Was it expected there? If it was, then what kind of
awakening are we talking about?
The Daily Star on February 21 had a special news
report titled Women in Forefront. The report says
young women of today have refused to take a
backseat in the countrys renewed struggle to
redefine it. They engaged themselves in the
movement as organizers, planners, volunteers,
cultural activists, journalists and participants. Out of
all these roles the report focuses most on the
chanting of slogans and not at all in the delivery of
speeches at the stage to be the spokespersons for
their respective organisations or as Shahbagh
Ganojagoron as a whole. It shows that even the
media is not looking for womens leadership in a
defined way, it is only a performance!
The report also says that, in the Shahbag chattar,
women found a safe space for themselves, staying
all night on the street without having to face any

problem. I wish this could be true for all over


Bangladesh where there is no police protection and
protection by fellow colleagues in the movement.
Ridma Jahan, a protestor, says: I want to thank the
men who have been supportive and respectful
towards women at Shahbagh. But Ridma has the
other side of the story, too. She says, I want to
address the handful of men who insult the spirit of
Shahbagh by poking and staring at women and I tell
them to learn to respect women. This means
Shahbagh was not entirely free of men poking and
staring at women. Shahbagh cannot change the
patriarchal attitude towards women in a few weeks;
it is simply a particular situation which also exists in
other places where fellow men are respectful to
women.
Umme Raihana (bdnews24.com February 22) writes
that there were no cases of significant sexual
assault. She asks: Are there no rapists among
those gathered in Shahbagh? Were they afraid of
the Agni Kanyas (i.e. the slogan women)? The
rapists are not any other species of human being,
they are the father, brother, husband and friends of
the Agni Kanyas. Then why they are not active

(translated from Bangla Shahbag 2013: Jolonto


Agnir Shohodora). This is an interesting question
posed by a young woman writer.
We know for sure that violence against women
becomes an issue only when it is reported. Just
before Shahbagh, i.e. before February 5,
Bangladesh was seen as a country of rape
incidents. Since the incident of gang rape and
murder in Delhi, Bangladeshi newspapers were also
full of reports on rape, gang rape and murder from
all over Bangladesh between December 2012 and
January 2013. Among those, one incident was in
Manikganj, where a garment worker was raped in a
bus. Local and national womens groups protested
and could get the perpetrator arrested. Thats all.
After that there was no more news. The attention
has shifted to other more important issues. Does it
mean there are no more rape incidents in the
country? Or there is no violence against women in
this country? It cannot be true. What is true is that
there is no reporting in the media.
Moving away from core issues of womens rights
and particularly violence against women is going to
have a negative impact on the womens movement.

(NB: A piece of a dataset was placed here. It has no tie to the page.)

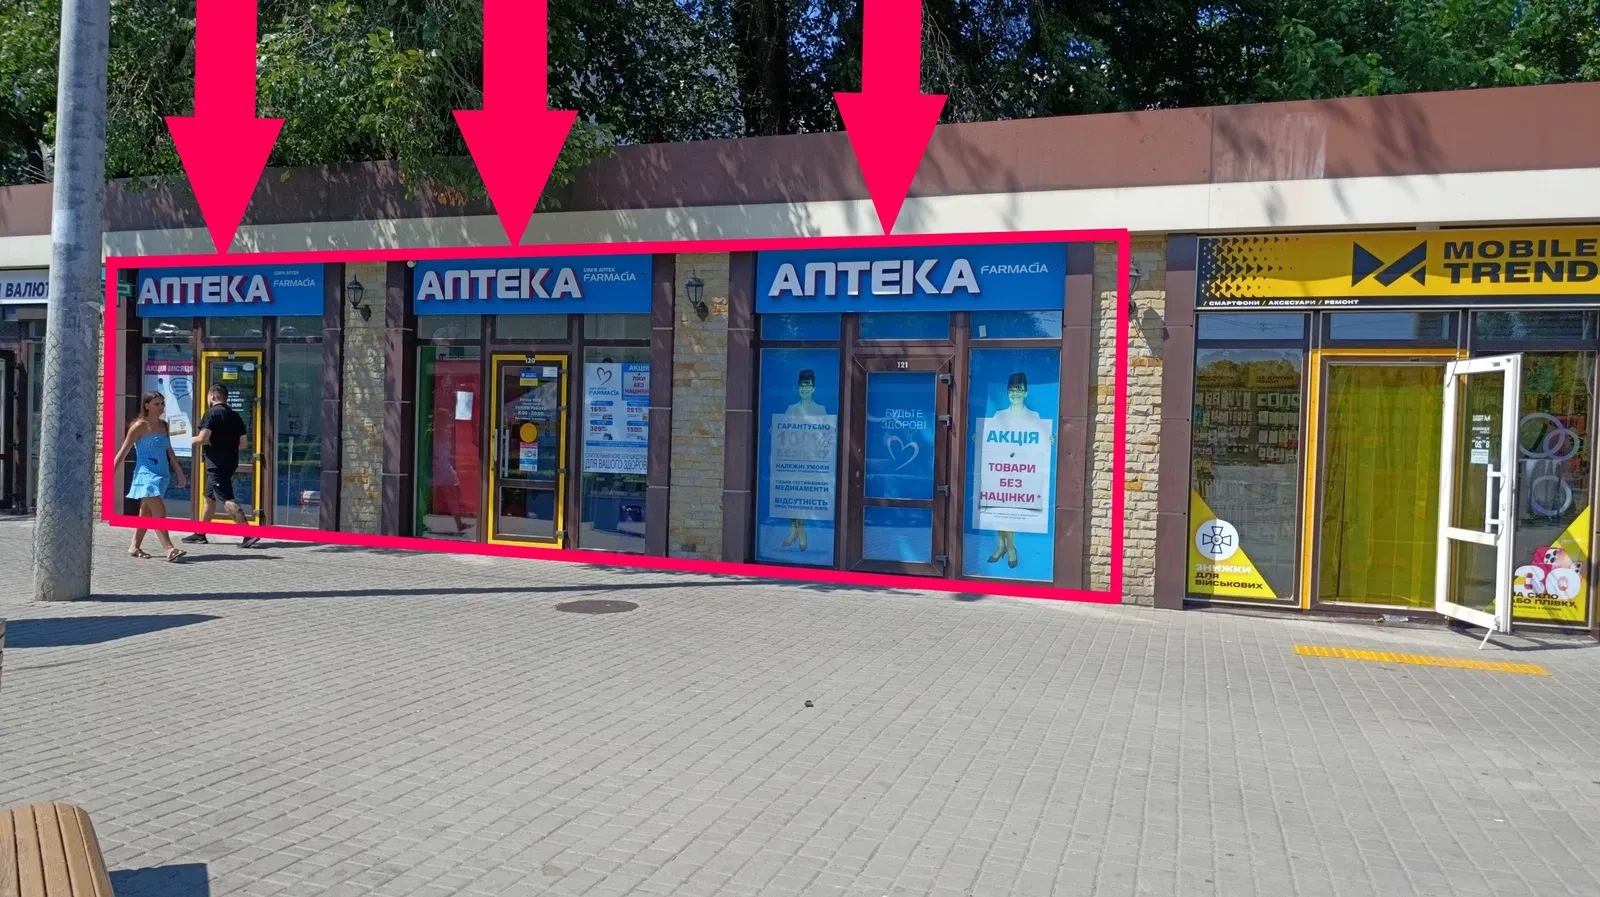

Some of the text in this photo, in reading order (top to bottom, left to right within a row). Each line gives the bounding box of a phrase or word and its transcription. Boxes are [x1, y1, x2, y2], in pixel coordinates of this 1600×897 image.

Although womens rights should incorporate all


national issues but national issues must not set
aside womens question at all. The new generation
womens leadership at this point may not have come
from womens movement only, but the new
leadership must remain active in asserting their
leadership roles keeping in mind that they have to
fight against patriarchy.
This is what I would like say on the occasion of
International Womens Day. This is a reality we are
now facing the question of womens leadership.